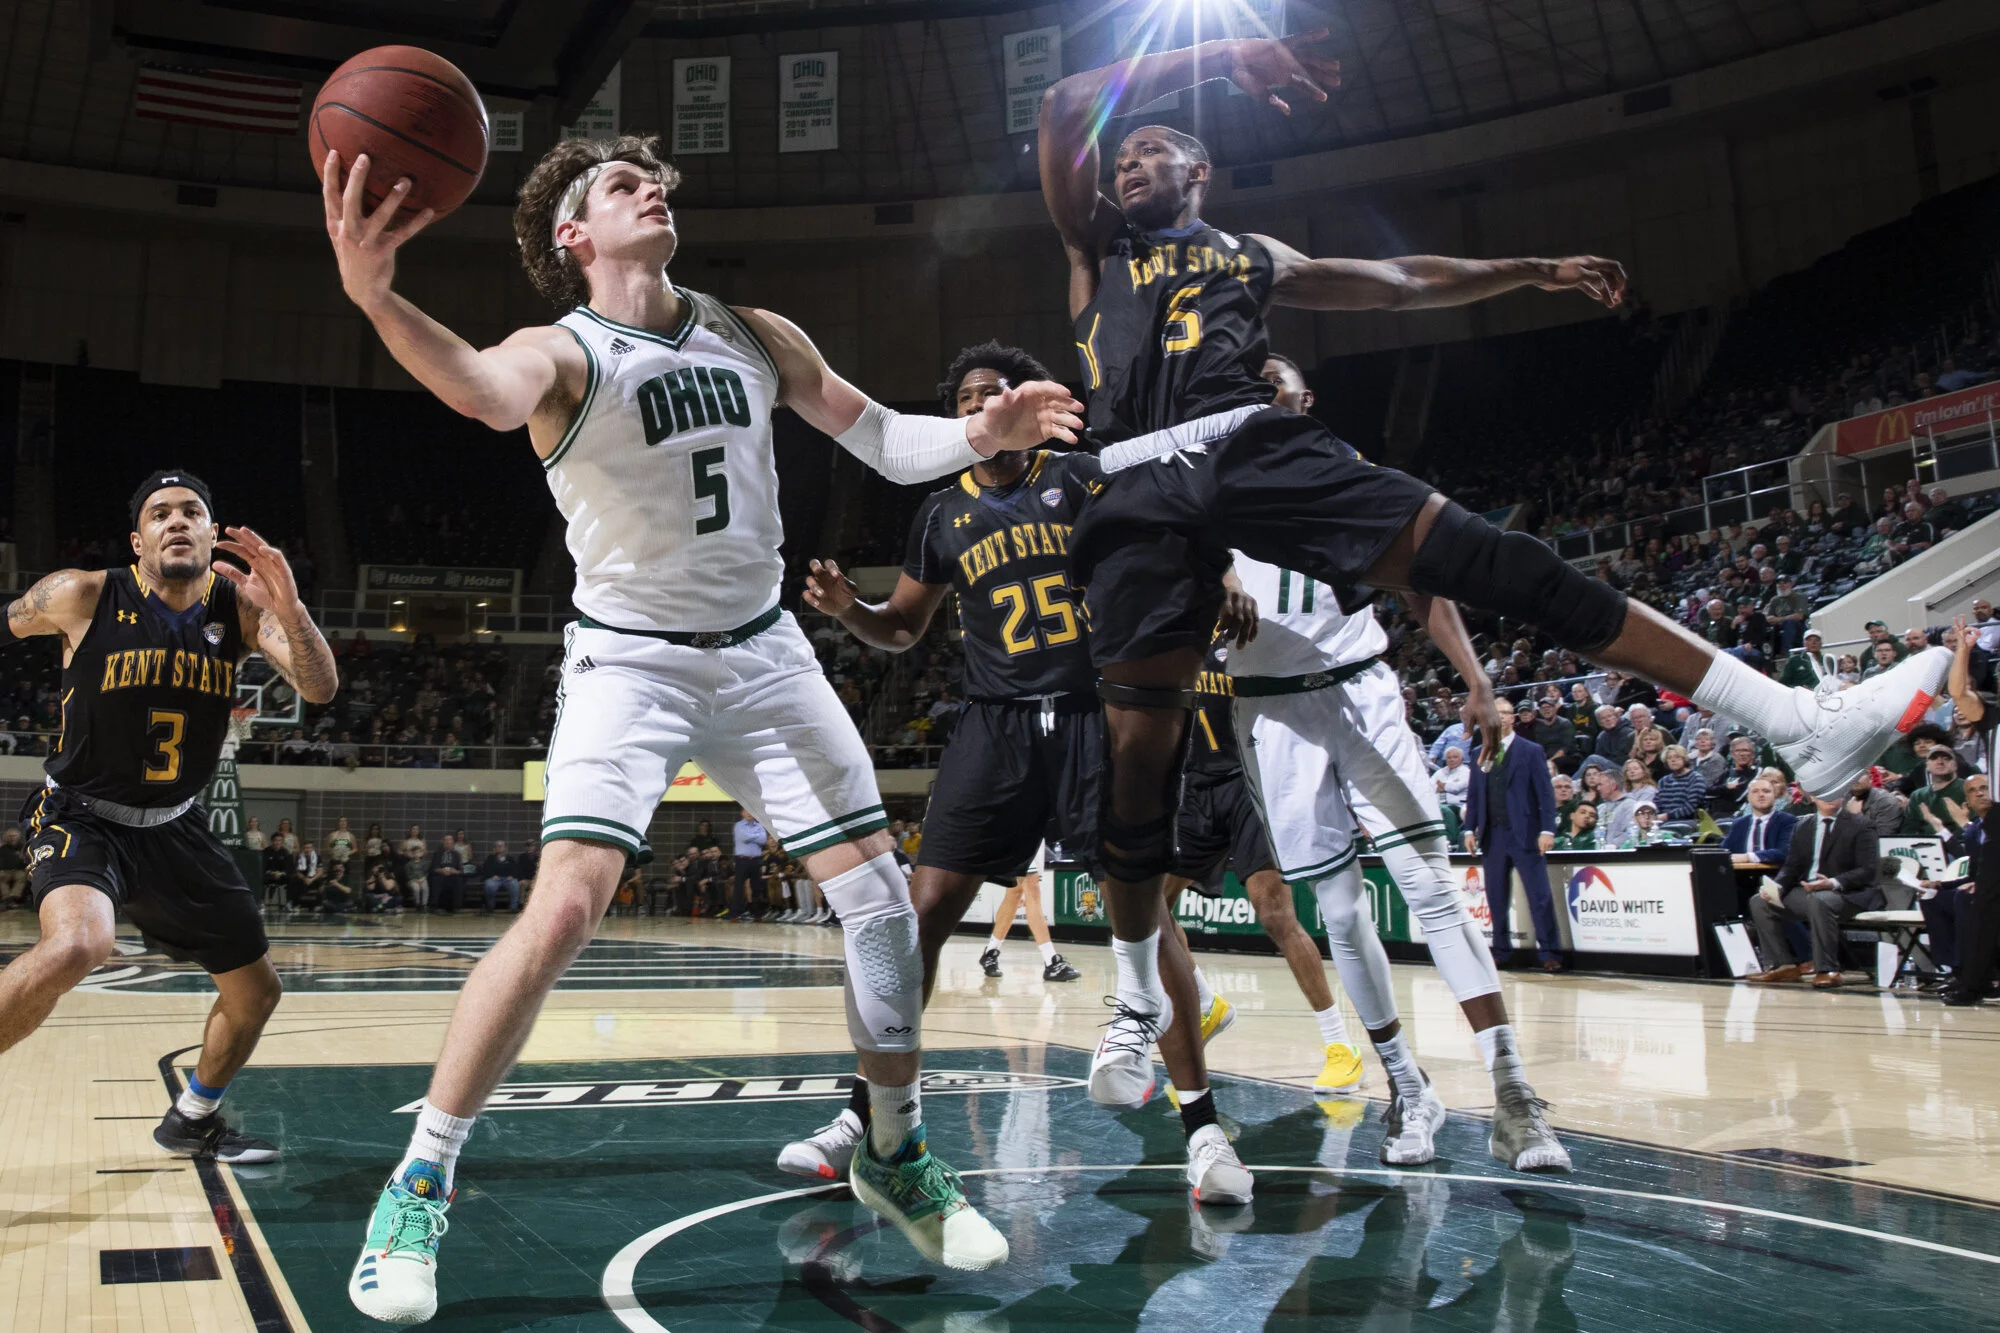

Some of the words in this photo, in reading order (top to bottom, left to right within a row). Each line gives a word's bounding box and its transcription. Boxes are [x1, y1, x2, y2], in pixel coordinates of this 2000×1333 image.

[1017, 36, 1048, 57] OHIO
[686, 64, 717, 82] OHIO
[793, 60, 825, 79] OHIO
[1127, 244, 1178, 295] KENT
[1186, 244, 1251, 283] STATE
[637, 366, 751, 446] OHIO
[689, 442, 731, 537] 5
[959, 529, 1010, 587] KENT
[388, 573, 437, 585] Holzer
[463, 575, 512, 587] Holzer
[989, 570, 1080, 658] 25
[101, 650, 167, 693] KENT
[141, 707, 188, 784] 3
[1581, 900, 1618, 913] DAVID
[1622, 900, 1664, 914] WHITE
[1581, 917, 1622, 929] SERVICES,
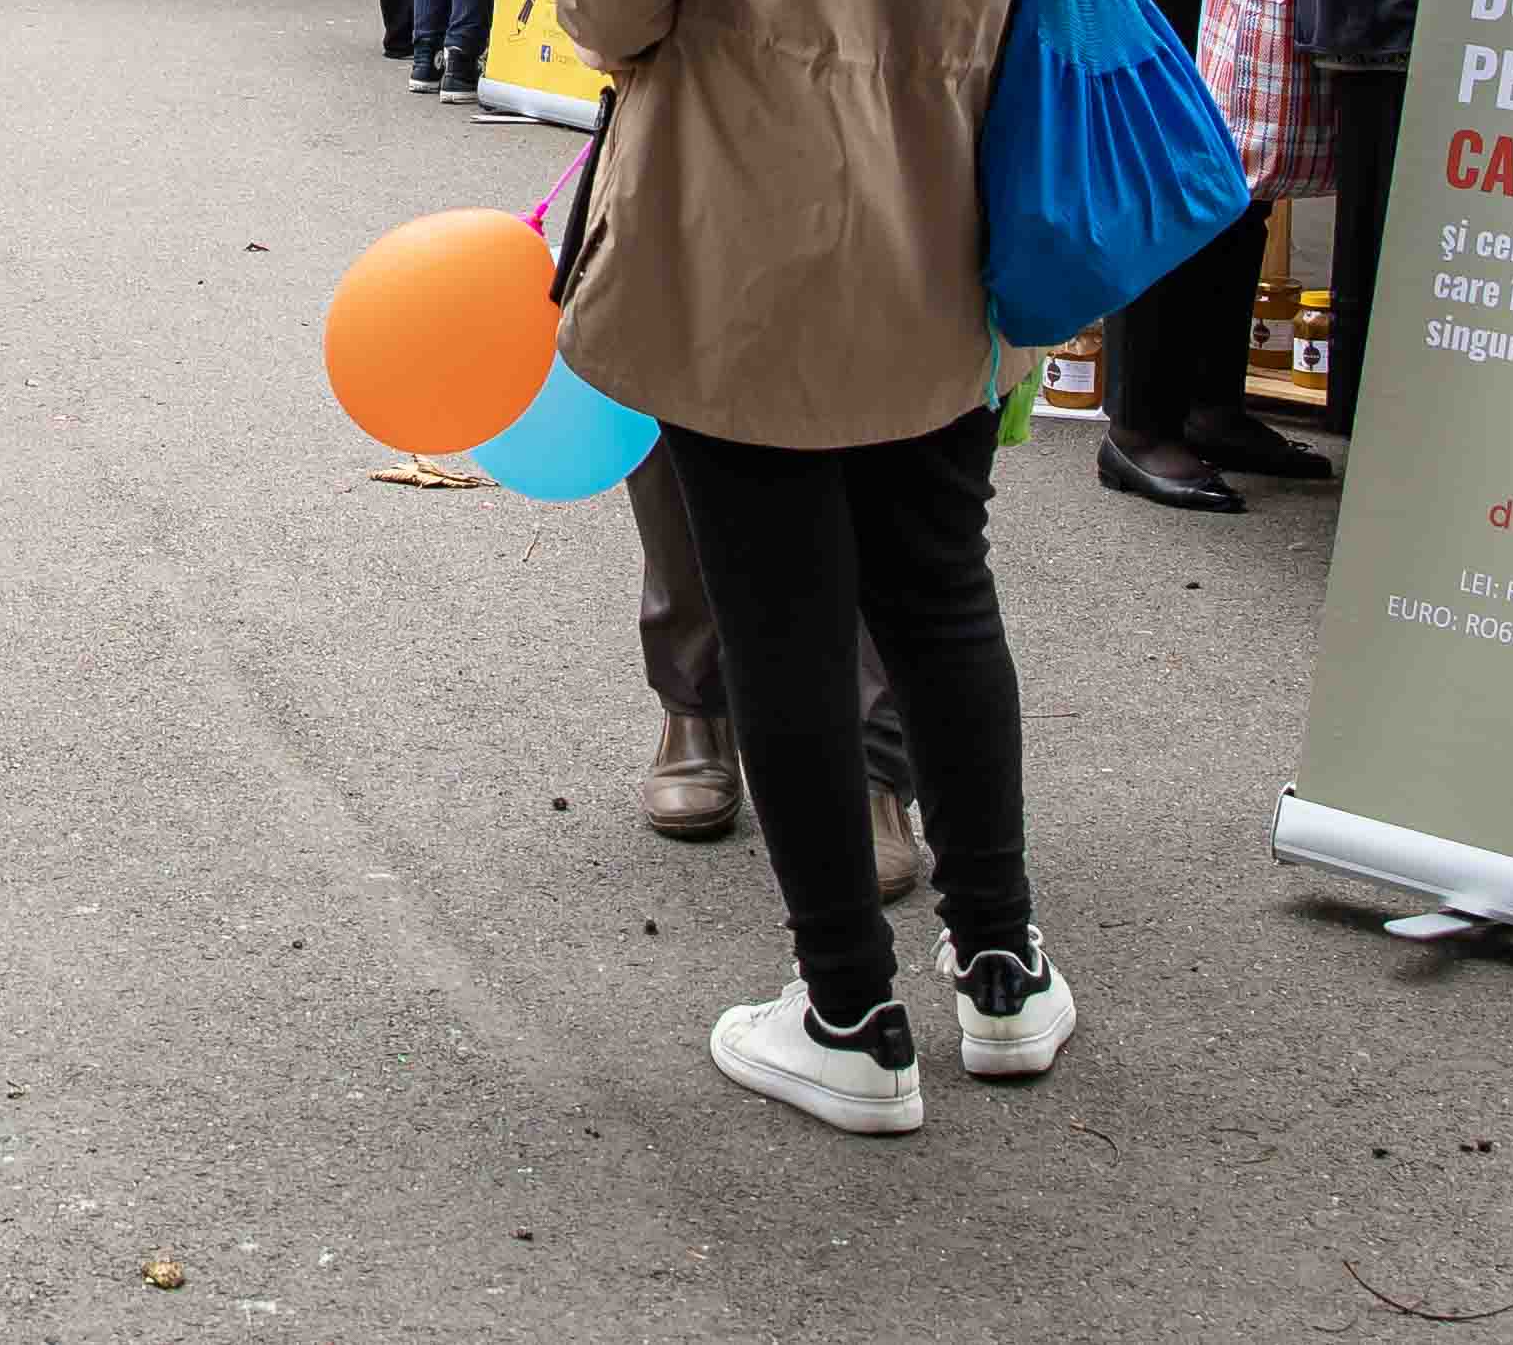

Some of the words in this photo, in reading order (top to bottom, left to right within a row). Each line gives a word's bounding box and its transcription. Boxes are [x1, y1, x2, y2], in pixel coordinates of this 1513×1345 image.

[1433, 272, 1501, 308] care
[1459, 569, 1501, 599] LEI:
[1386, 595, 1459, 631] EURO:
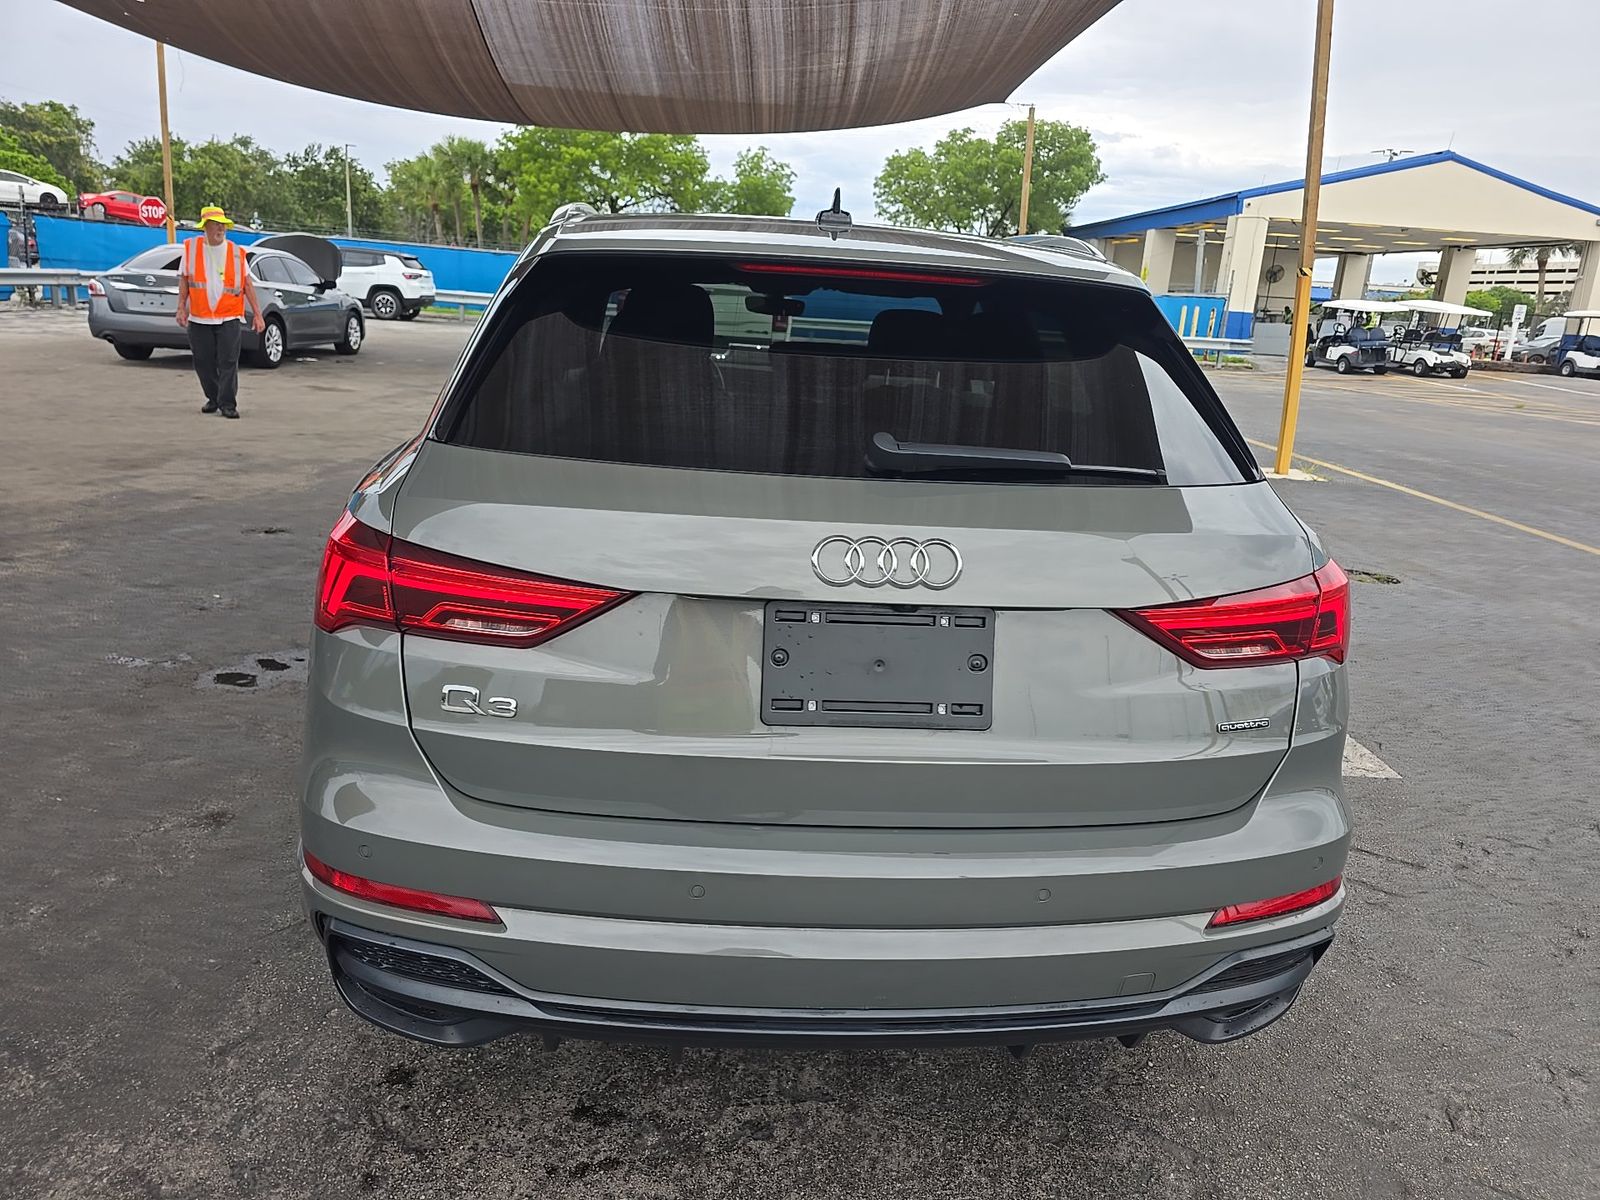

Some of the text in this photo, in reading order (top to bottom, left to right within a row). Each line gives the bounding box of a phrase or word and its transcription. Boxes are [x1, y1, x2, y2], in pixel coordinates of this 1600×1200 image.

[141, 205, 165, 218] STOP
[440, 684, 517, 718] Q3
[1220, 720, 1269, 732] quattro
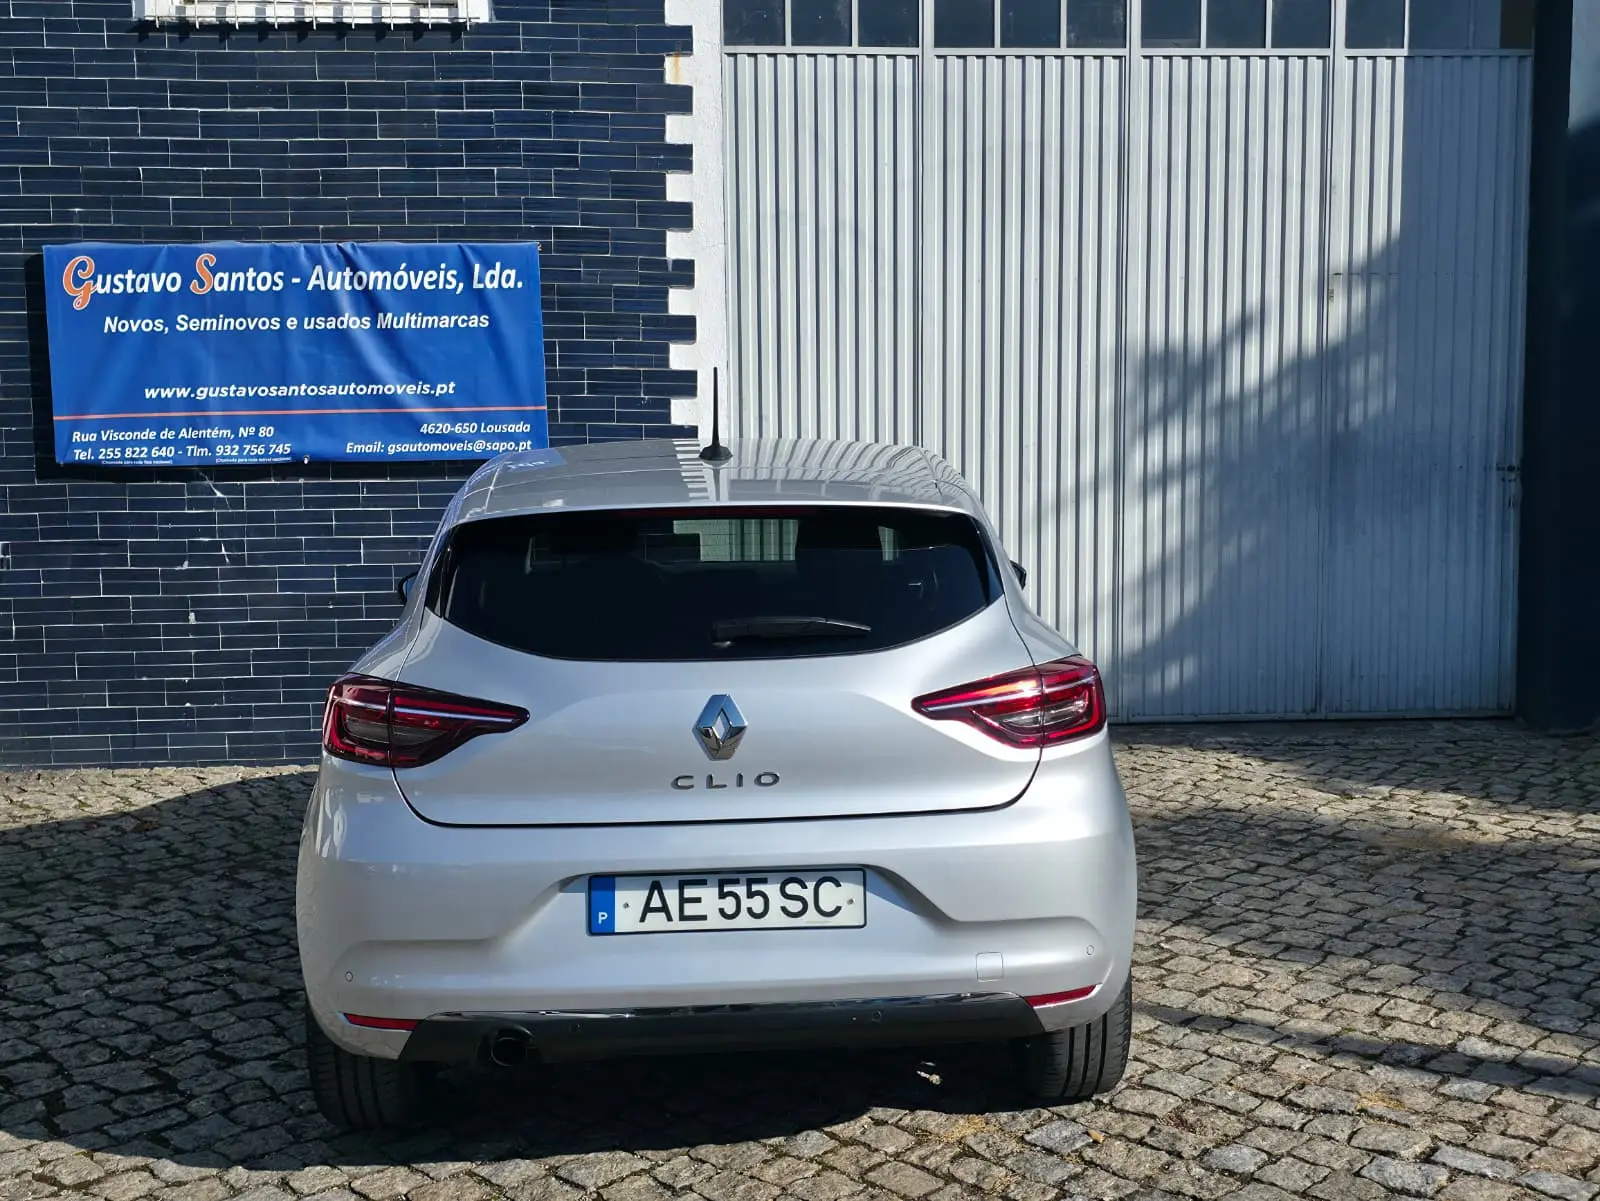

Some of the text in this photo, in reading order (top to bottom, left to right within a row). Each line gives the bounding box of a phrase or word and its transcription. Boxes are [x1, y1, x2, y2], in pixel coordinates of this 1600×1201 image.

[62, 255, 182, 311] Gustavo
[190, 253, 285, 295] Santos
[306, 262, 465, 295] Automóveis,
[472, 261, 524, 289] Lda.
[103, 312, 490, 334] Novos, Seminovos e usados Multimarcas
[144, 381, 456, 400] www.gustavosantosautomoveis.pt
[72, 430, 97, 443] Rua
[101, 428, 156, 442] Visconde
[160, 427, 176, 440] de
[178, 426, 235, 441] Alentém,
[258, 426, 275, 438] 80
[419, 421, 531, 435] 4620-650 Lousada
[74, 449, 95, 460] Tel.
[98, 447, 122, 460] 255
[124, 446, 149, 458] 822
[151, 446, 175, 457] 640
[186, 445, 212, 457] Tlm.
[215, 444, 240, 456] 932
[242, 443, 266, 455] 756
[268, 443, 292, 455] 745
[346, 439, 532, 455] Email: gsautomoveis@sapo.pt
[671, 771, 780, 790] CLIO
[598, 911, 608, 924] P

§ §

_Requirement_. The result should be every entry, word for word, and no pictures.

_Written solution_.
Some of the words in this photo, in reading order (top to bottom, left to right within a row). Each line gives a word's bounding box and its transcription. Boxes are [x1, y1, x2, y2], in pixel coordinates of this 2000×1333 image.

[1017, 36, 1048, 57] OHIO
[686, 64, 717, 82] OHIO
[793, 60, 825, 79] OHIO
[1127, 244, 1178, 295] KENT
[1186, 244, 1251, 283] STATE
[637, 366, 751, 446] OHIO
[689, 442, 731, 537] 5
[959, 529, 1010, 587] KENT
[388, 573, 437, 585] Holzer
[463, 575, 512, 587] Holzer
[989, 570, 1080, 658] 25
[101, 650, 167, 693] KENT
[141, 707, 188, 784] 3
[1581, 900, 1618, 913] DAVID
[1622, 900, 1664, 914] WHITE
[1581, 917, 1622, 929] SERVICES,

Some of the words in this photo, in reading order (top to bottom, left to right within a row). Each line gives a word's bounding box and its transcription. Boxes are [x1, y1, x2, y2], in pixel coordinates of this 1513×1345 image.

[1433, 272, 1501, 308] care
[1459, 569, 1501, 599] LEI:
[1386, 595, 1459, 631] EURO:

Some of the text in this photo, in reading order (top to bottom, left to right within a row). Each line gives the bounding box of a phrase or word and its transcription. Boxes are [x1, y1, x2, y2], in pixel coordinates of this 1600×1200 image.

[141, 205, 165, 218] STOP
[440, 684, 517, 718] Q3
[1220, 720, 1269, 732] quattro

Some of the text in this photo, in reading order (top to bottom, left to right within a row). Each line gives the bounding box of a phrase or word and its transcription. Boxes are [x1, y1, x2, y2], in pixel coordinates of this 1600×1201 image.

[62, 255, 182, 311] Gustavo
[190, 253, 285, 295] Santos
[306, 262, 465, 295] Automóveis,
[472, 261, 524, 289] Lda.
[103, 312, 490, 334] Novos, Seminovos e usados Multimarcas
[144, 381, 456, 400] www.gustavosantosautomoveis.pt
[72, 430, 97, 443] Rua
[101, 428, 156, 442] Visconde
[160, 427, 176, 440] de
[178, 426, 235, 441] Alentém,
[258, 426, 275, 438] 80
[419, 421, 531, 435] 4620-650 Lousada
[74, 449, 95, 460] Tel.
[98, 447, 122, 460] 255
[124, 446, 149, 458] 822
[151, 446, 175, 457] 640
[186, 445, 212, 457] Tlm.
[215, 444, 240, 456] 932
[242, 443, 266, 455] 756
[268, 443, 292, 455] 745
[346, 439, 532, 455] Email: gsautomoveis@sapo.pt
[671, 771, 780, 790] CLIO
[598, 911, 608, 924] P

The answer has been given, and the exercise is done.